You know the one. Paid is on the call. Email is on the call. Maybe Amazon is on the call too. Numbers are down. Everyone has a deck. Everyone has a story. And by minute 47, you realize what's actually happening:
Three agencies are on a Zoom together, all charging you retainers, all pointing at each other.
Nobody's wrong, exactly. Paid is right that email isn't capturing the traffic. Email is right that paid is sending unqualified clicks. Amazon is right that the DTC store is cannibalizing their listings. Everyone has a defensible position. Nobody is moving the number.
This is the silent tax most 7- and 8-figure brands pay every single month. And it's not because the agencies are bad. It's because the model is bad.
The "best of breed" trap
Somewhere along the way, the industry decided that the smartest brands hire specialists. One agency for paid. One for email. One for SMS. One for Amazon. One for creative. One for CRO. The logic sounds good — depth beats breadth, you get A-team talent in every channel.
What actually happens is this: each agency optimizes the slice of the funnel they get paid on. Paid optimizes for ROAS. Email optimizes for click rate. Amazon optimizes for BSR. None of them optimize for the only number that actually pays your bills, which is contribution margin per customer over 12 months.
And when results dip, every agency has an incentive to make sure the dip looks like someone else's fault. Not because they're bad people. Because their renewal depends on it.

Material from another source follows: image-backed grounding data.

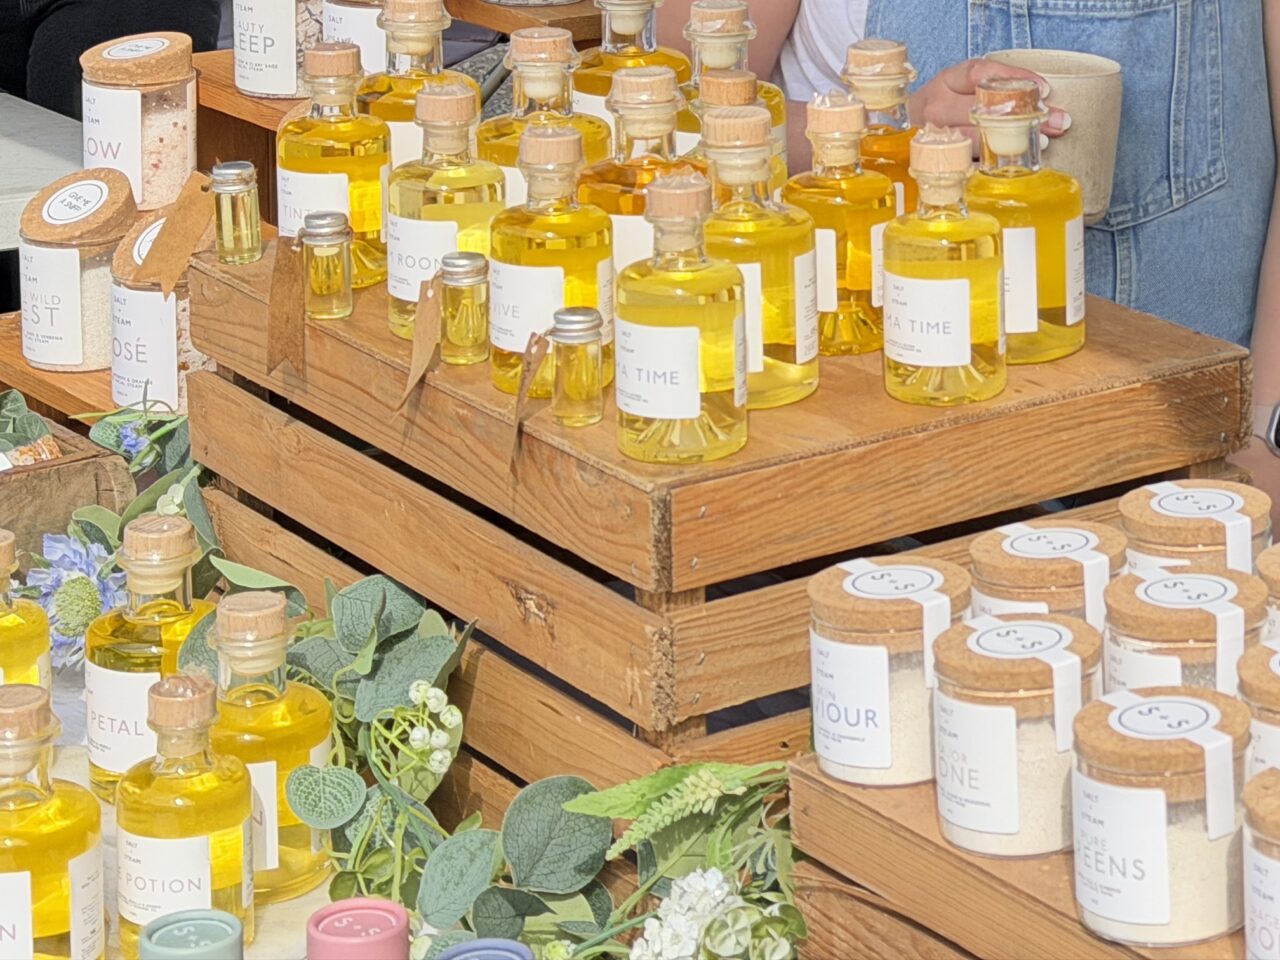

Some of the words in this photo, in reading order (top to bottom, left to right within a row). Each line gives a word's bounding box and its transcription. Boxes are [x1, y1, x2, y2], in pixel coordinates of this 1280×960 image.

[30, 292, 61, 305] WILD
[909, 319, 952, 335] TIME
[635, 368, 680, 385] TIME
[91, 710, 144, 736] PETAL
[1077, 842, 1146, 881] EENS
[126, 872, 202, 893] POTION
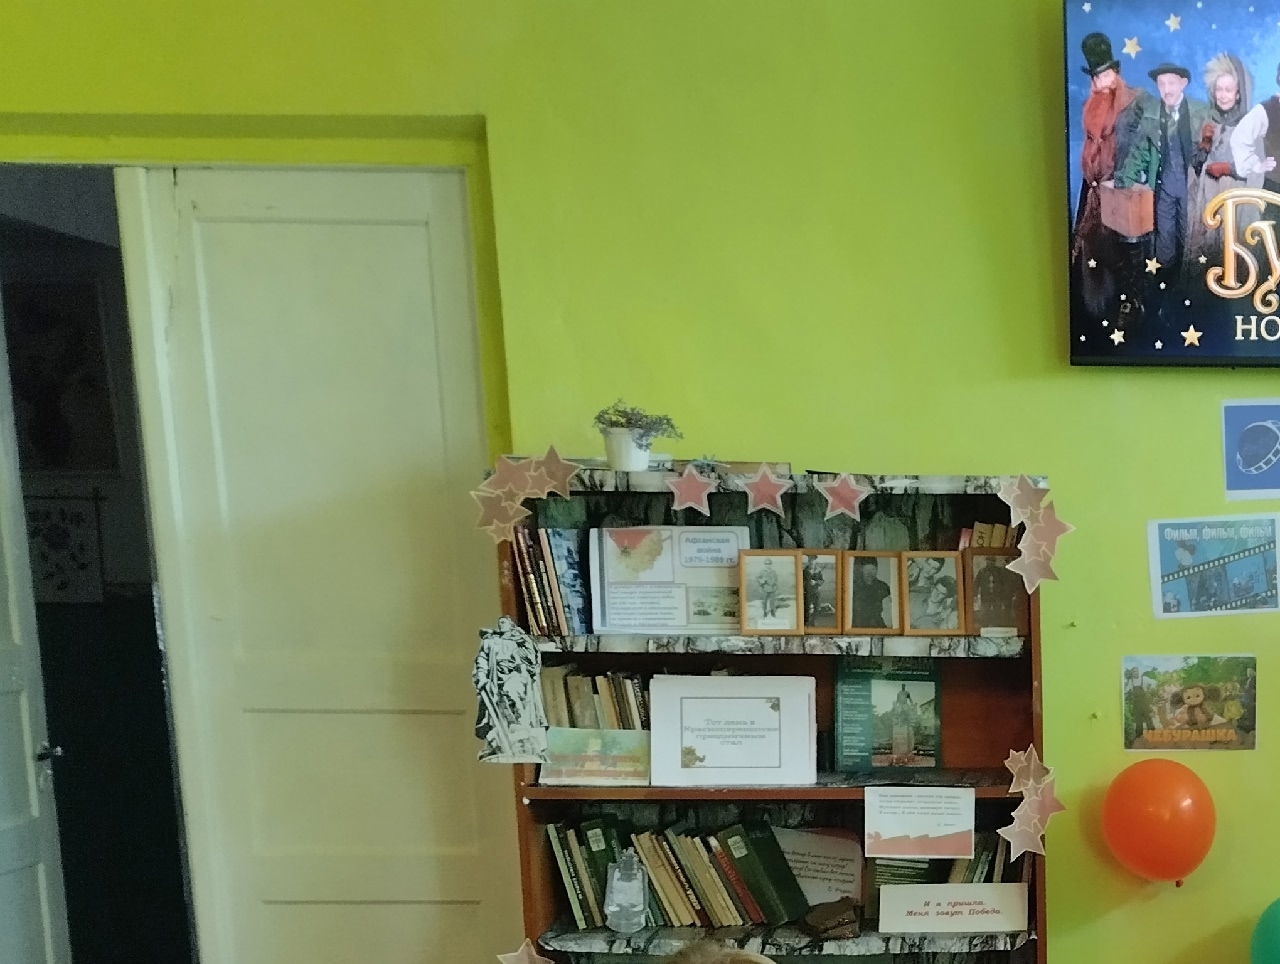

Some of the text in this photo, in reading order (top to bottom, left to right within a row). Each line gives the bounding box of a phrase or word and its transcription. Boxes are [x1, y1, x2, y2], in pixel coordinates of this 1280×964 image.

[696, 546, 721, 554] война
[1143, 728, 1238, 744] ЧЕБУРАШКА
[905, 909, 929, 917] Меня
[935, 910, 964, 918] зовут
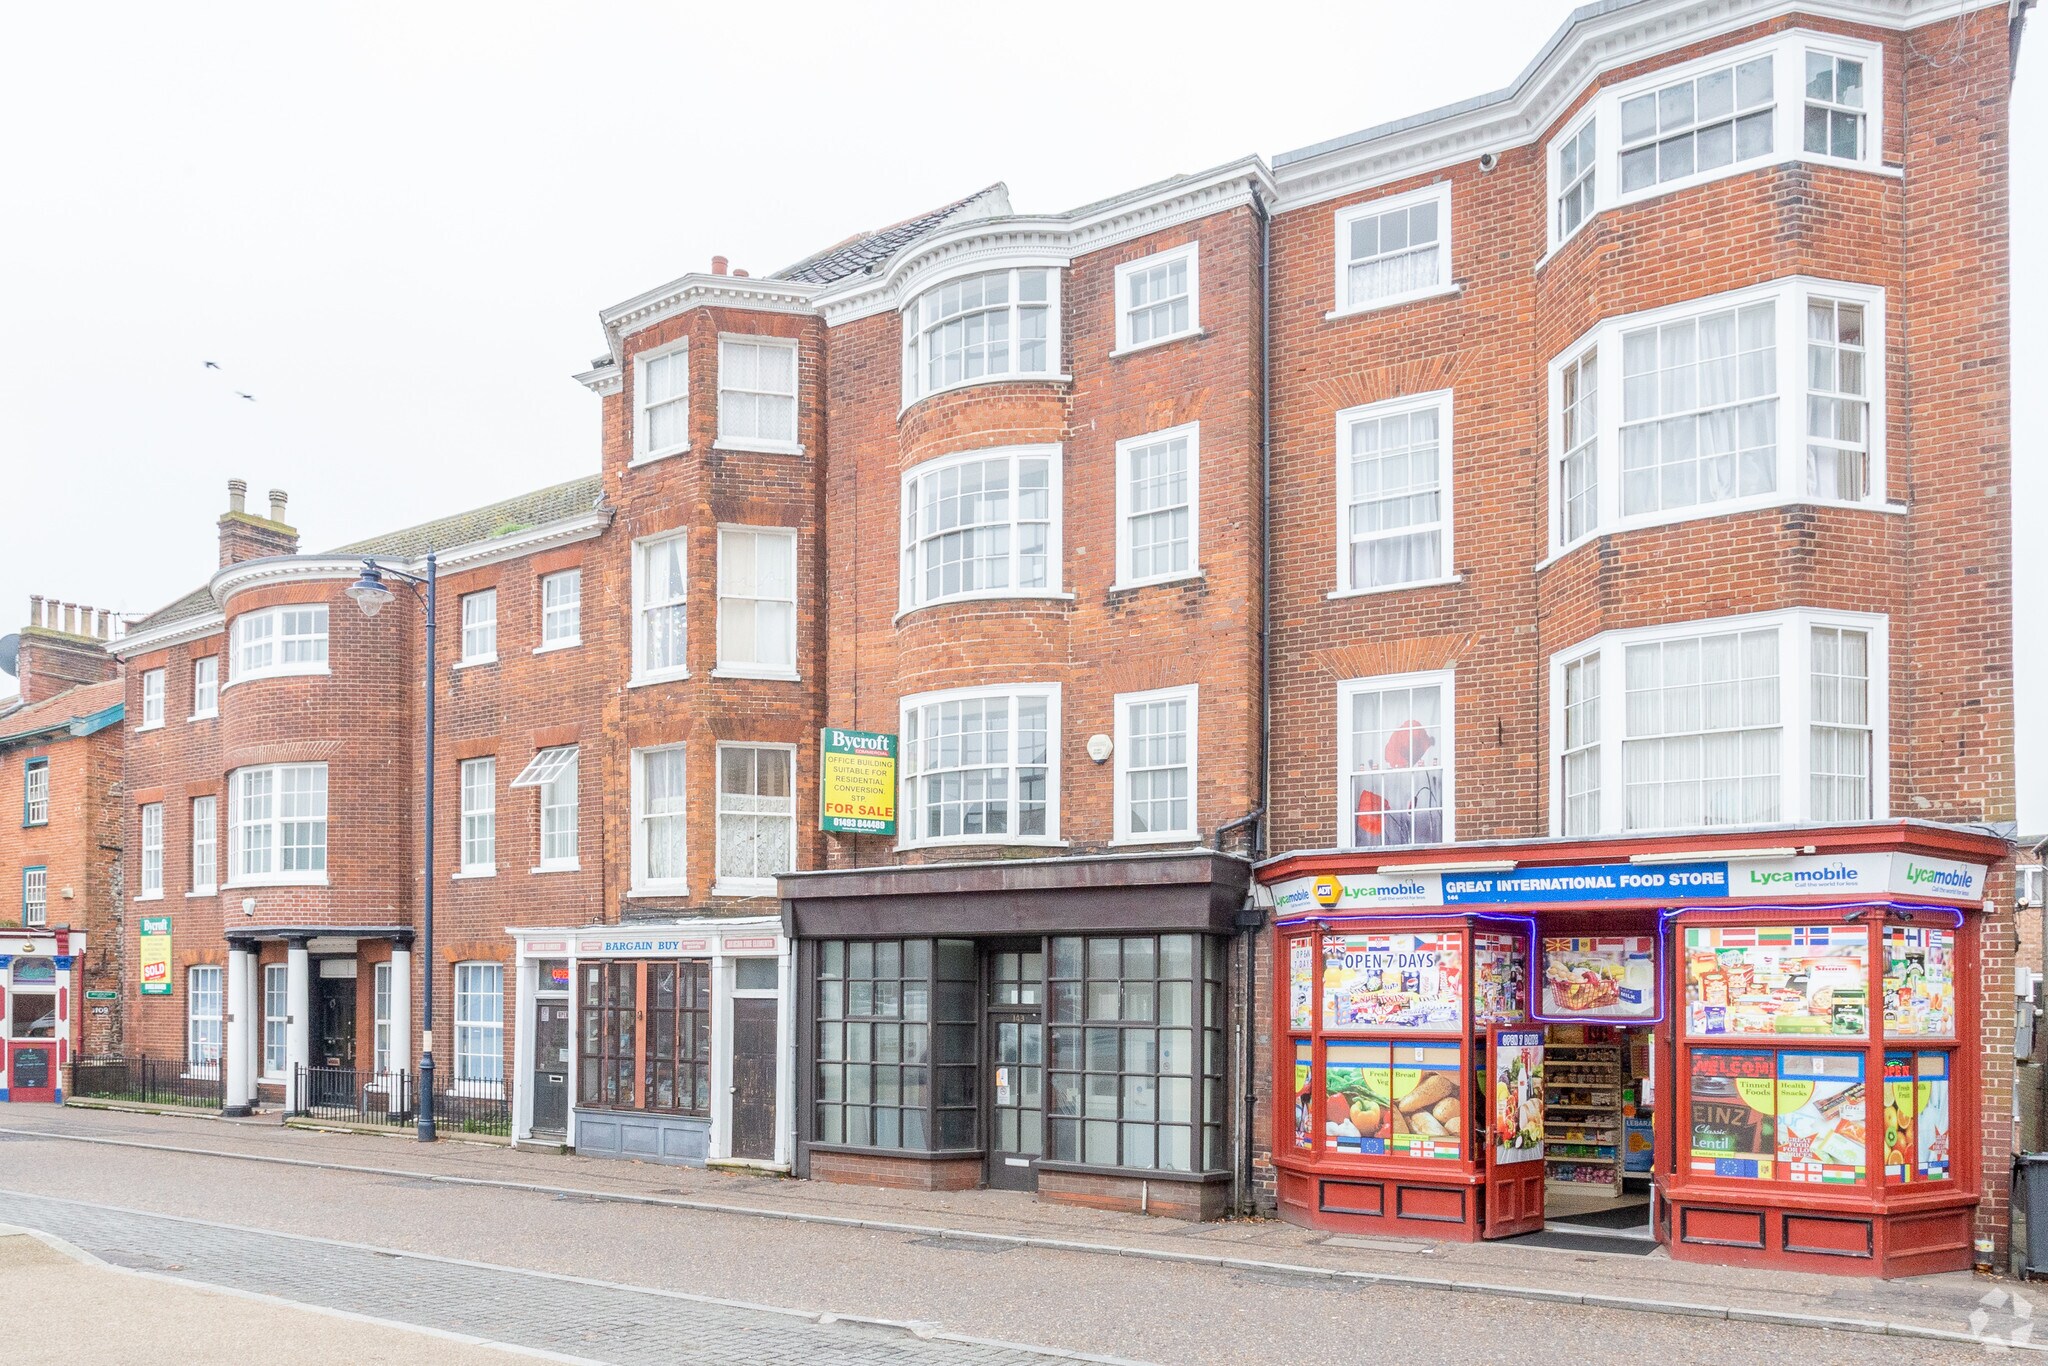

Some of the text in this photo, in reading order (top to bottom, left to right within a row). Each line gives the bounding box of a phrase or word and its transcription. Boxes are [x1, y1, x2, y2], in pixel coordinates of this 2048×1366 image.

How Graham and I started doing it differently
My partner Graham runs Pixel Theory. They're a growth partner — paid social, paid search, performance creative, and the strategic layer that ties it all together. I run Bylders, where we live and breathe retention: email, SMS, lifecycle, and the 60% of revenue that comes after the first click.
Naturally, our ideal customers are the same brand. A founder doing $5M to $50M who needs both top-of-funnel that actually converts and a back end that actually retains. So a few years ago we started showing up on each other's pitches. Then on each other's accounts. Then on each other's Slack channels.
Brands where our teams currently work side by side: Heirloom Coffee Roasters, Kēpos, Fazit Beauty, Optimize Minerals, and a growing list of others.
What we discovered is something we should have seen coming, but didn't fully appreciate until we lived it: when the retention agency and the growth agency are already on the same Slack, already share a roadmap, and already get on a Tuesday call before the client call — the math changes.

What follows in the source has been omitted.